A participação norte-americana no golpe é um dos destaques do livro de Tavares, o único que se ocupa exclusivamente da deposição de Goulart. Todos os outros – e Gaspari em quatro volumes – avançam pelo período da ditadura em suas diferentes fases e presidentes – Castello Branco, Costa e Silva, Médici, Geisel e Figueiredo. De uma primeira fase, do golpe em 1964 a 1968, quando se decreta o AI-5 e a ditadura se escancara. Das trevas de1968 até 1978, quando os atos institucionais são revogados, vem a Anistia e a transição para a democracia, que para alguns se encerra em 1985, com o primeiro governo civil, e para outros se estende até 1988, com a Assembleia Constituinte.

Por concentrada, a narrativa de Tavares é trepidante. Recria o período tenso vivido pelo País desde a renúncia de Jânio Quadros, em 1961, passando pela posse do vice, Goulart, e seu governo atribulado e esgarçado por demandas e pressões à esquerda e à direita. Tavares, na época, era colunista do jornal Última Hora e privava da intimidade de políticos e gabinetes de Brasília. Foi testemunha dos fatos, o que empresta ao seu relato caráter diferenciado.

Tavares destaca como Washington logo entrou no jogo da deposição de Jango pelo embaixador dos EUA no Brasil, Lincoln Gordon, e, mais adiante, com colaboração do seu adido militar, Vernon Walters, que deixou sua missão na Itália para conspirar contra o governo brasileiro.
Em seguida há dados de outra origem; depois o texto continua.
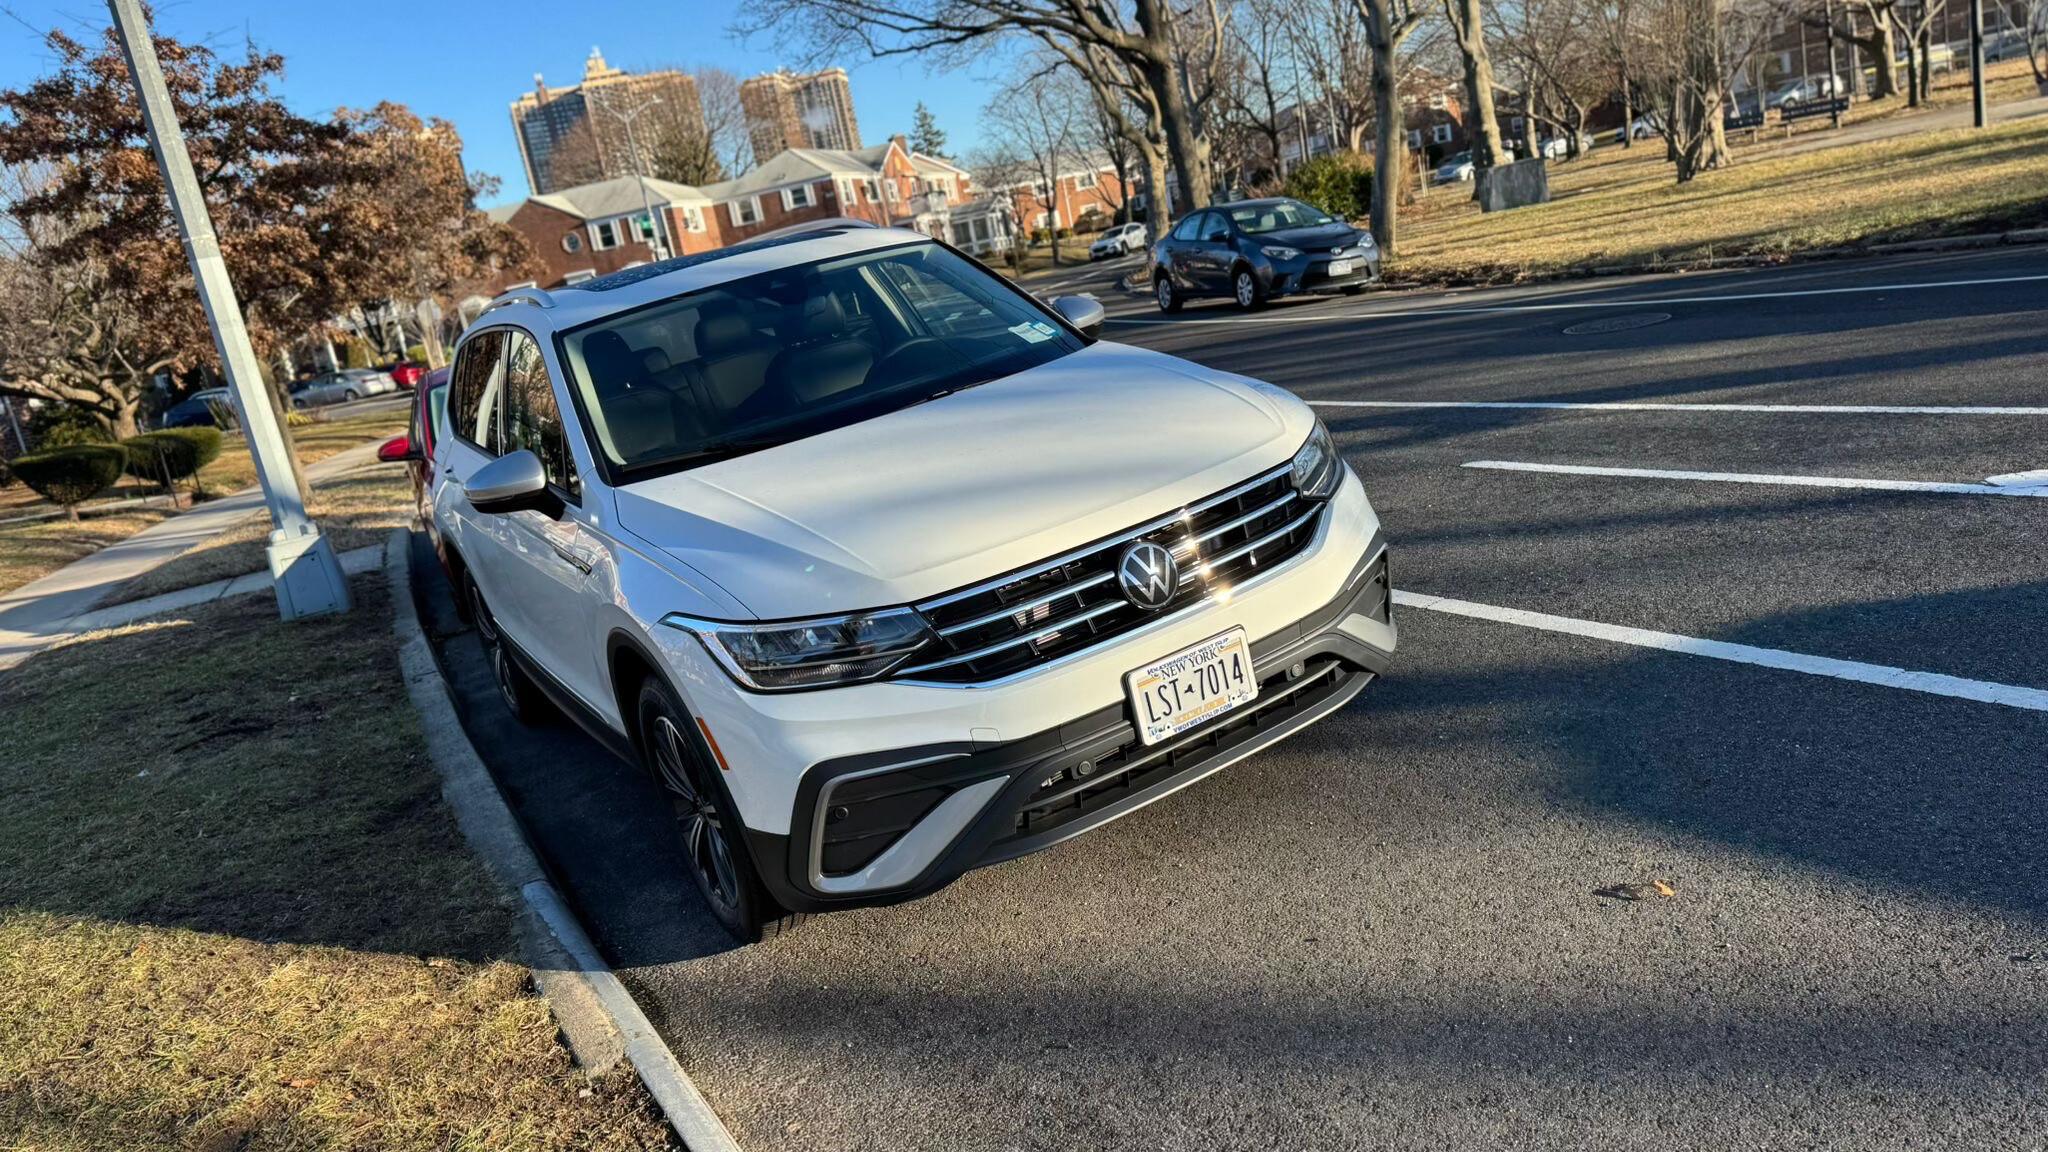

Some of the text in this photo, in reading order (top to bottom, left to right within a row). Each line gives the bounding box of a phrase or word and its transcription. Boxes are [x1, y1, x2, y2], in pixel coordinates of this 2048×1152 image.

[1122, 544, 1173, 605] VW
[1147, 655, 1188, 675] VOLKSWAGEN
[1198, 643, 1215, 654] WEST
[1161, 649, 1218, 680] NEW YORK
[1144, 678, 1182, 723] LST
[1194, 653, 1243, 701] 7014
Detecta também a enxurrada de dólares despejada no Brasil após a reunião entre Kennedy e na Casa Branca em 1962.

O dinheiro entrava pelo Royal Bank do Canadá e não pelo Bank of America para não despertar suspeitas. De acordo com o autor, mais de 200 candidatos ao Senado, Câmara Federal e Assembleias Estaduais, considerados amigos dos EUA e inimigos dos comunistas, foram beneficiados com verba generosa.

Além disso, financiavam-se institutos como o IPÊS e o IBAD, que tinham função de propagar o receio ao “perigo vermelho” e preparar o clima do golpe. O fundamental era disseminar o medo, inclusive pelos filmes alarmistas.